Analyzing inequalities by year and COVID-19 waves is useful to compare periods before and after the arrival of COVID-19 in Chile (years) as well as to analyze how these inequalities vary during the pandemic (waves). It should be noted that the analysis includes not only the cause of death of suspected COVID-19 cases (patients with symptoms or severe acute respiratory infection) and confirmed COVID-19 cases (patients who test positive in the RT-PCR test for SARS-CoV-2 or in the antigen test when it is a suspect case) but also the total number of deaths (from all causes). This is important to study how the COVID-19 pandemic containment measures and the classification of deaths impacted the rates of other causes.
Data sources
The number of deaths by COVID-19 was obtained from public data provided weekly by the Department of Health Statistics and Information of the Chilean Ministry of Health32. This database records all deaths that have occurred in Chile since 2016, providing the primary cause of death classified according to the International Classification of Diseases (ICD10), in addition to the age, sex, and municipality of residence of the deceased.
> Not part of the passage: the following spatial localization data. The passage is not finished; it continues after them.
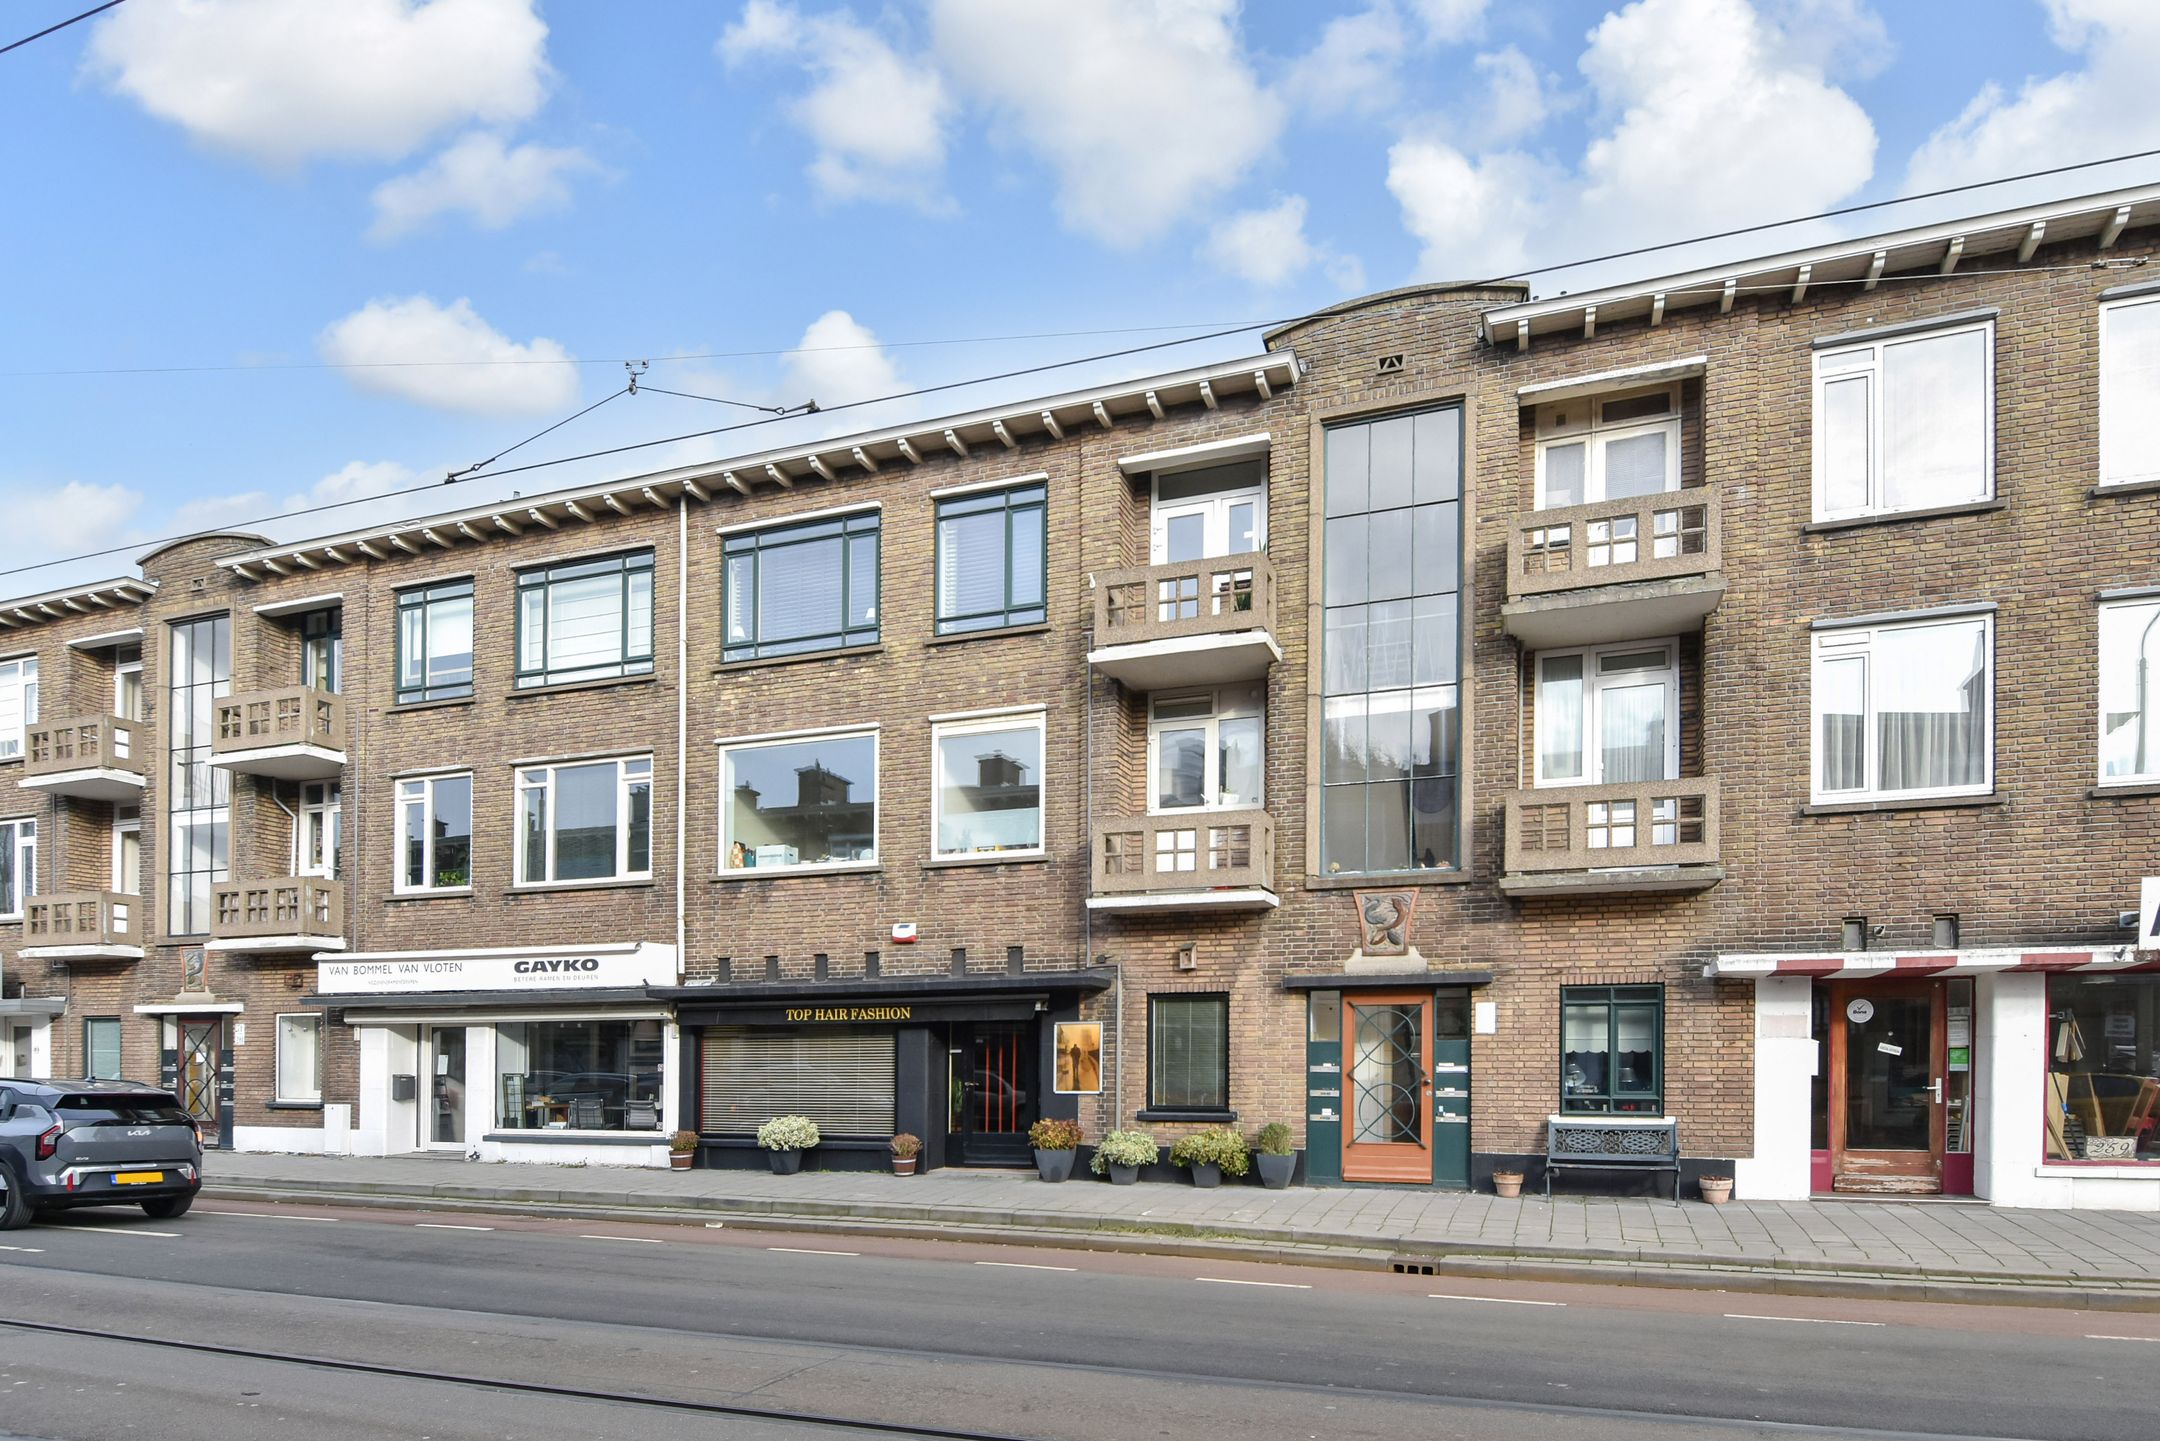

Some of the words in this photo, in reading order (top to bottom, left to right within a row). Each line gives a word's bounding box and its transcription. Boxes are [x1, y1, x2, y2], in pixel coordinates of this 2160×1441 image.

[329, 966, 349, 975] VAN
[353, 964, 393, 975] BOMMEL
[398, 963, 419, 973] VAN
[423, 962, 463, 973] VLOTEN
[514, 958, 599, 973] GAYKO
[786, 1009, 812, 1021] TOP
[815, 1008, 847, 1020] HAIR
[850, 1007, 911, 1020] FASHION
[2090, 1142, 2130, 1156] 259
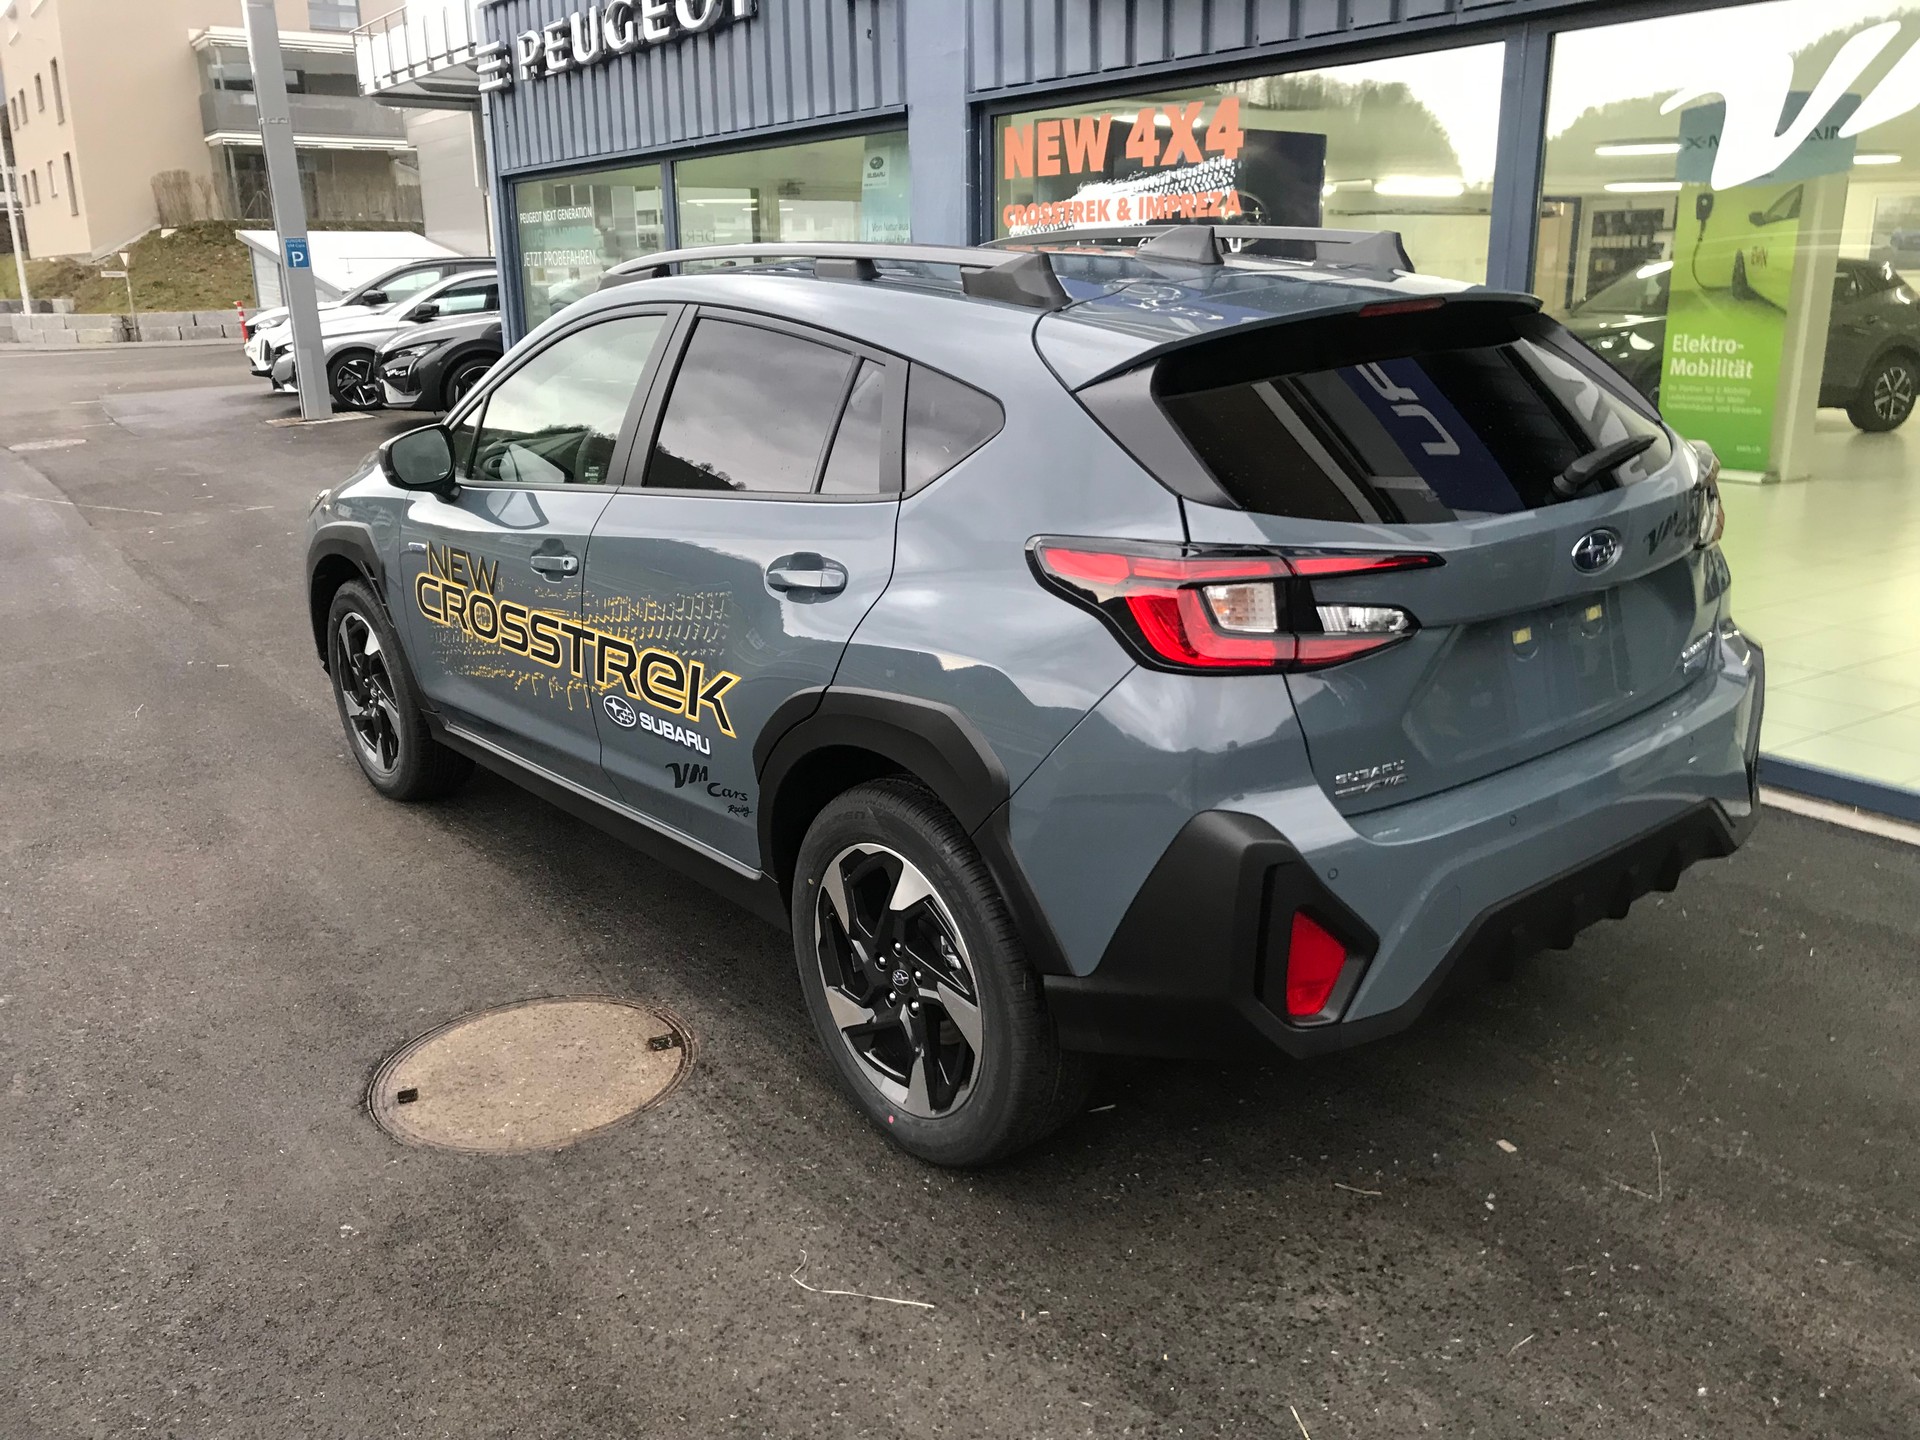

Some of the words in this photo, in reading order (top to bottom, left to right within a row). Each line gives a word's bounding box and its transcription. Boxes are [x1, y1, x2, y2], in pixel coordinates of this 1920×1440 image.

On the other hand, the population estimated for each municipality by age stratum was obtained from the National Institute of Statistics of Chile, using population projections based on the last national census of 201733. The calculation of the municipality’s average income per household was obtained from the 2017 National Socioeconomic Characterization Survey (CASEN)34. Finally, the confirmed cases of COVID-19 came from the databases of the Chilean Ministry of Health available in a public repository of the Chilean Ministry of Science, Technology, Knowledge and Innovation35.
Ethics approval
The study uses data obtained from open databases from various public institutions. Thus, the data have the characteristic of being anonymous, secondary and aggregated. In the Methods section we mention the different sources of information from which the data were obtained32,33,34,35. Thus, due to the characteristics already mentioned, this study was not submitted to an Ethics Committee.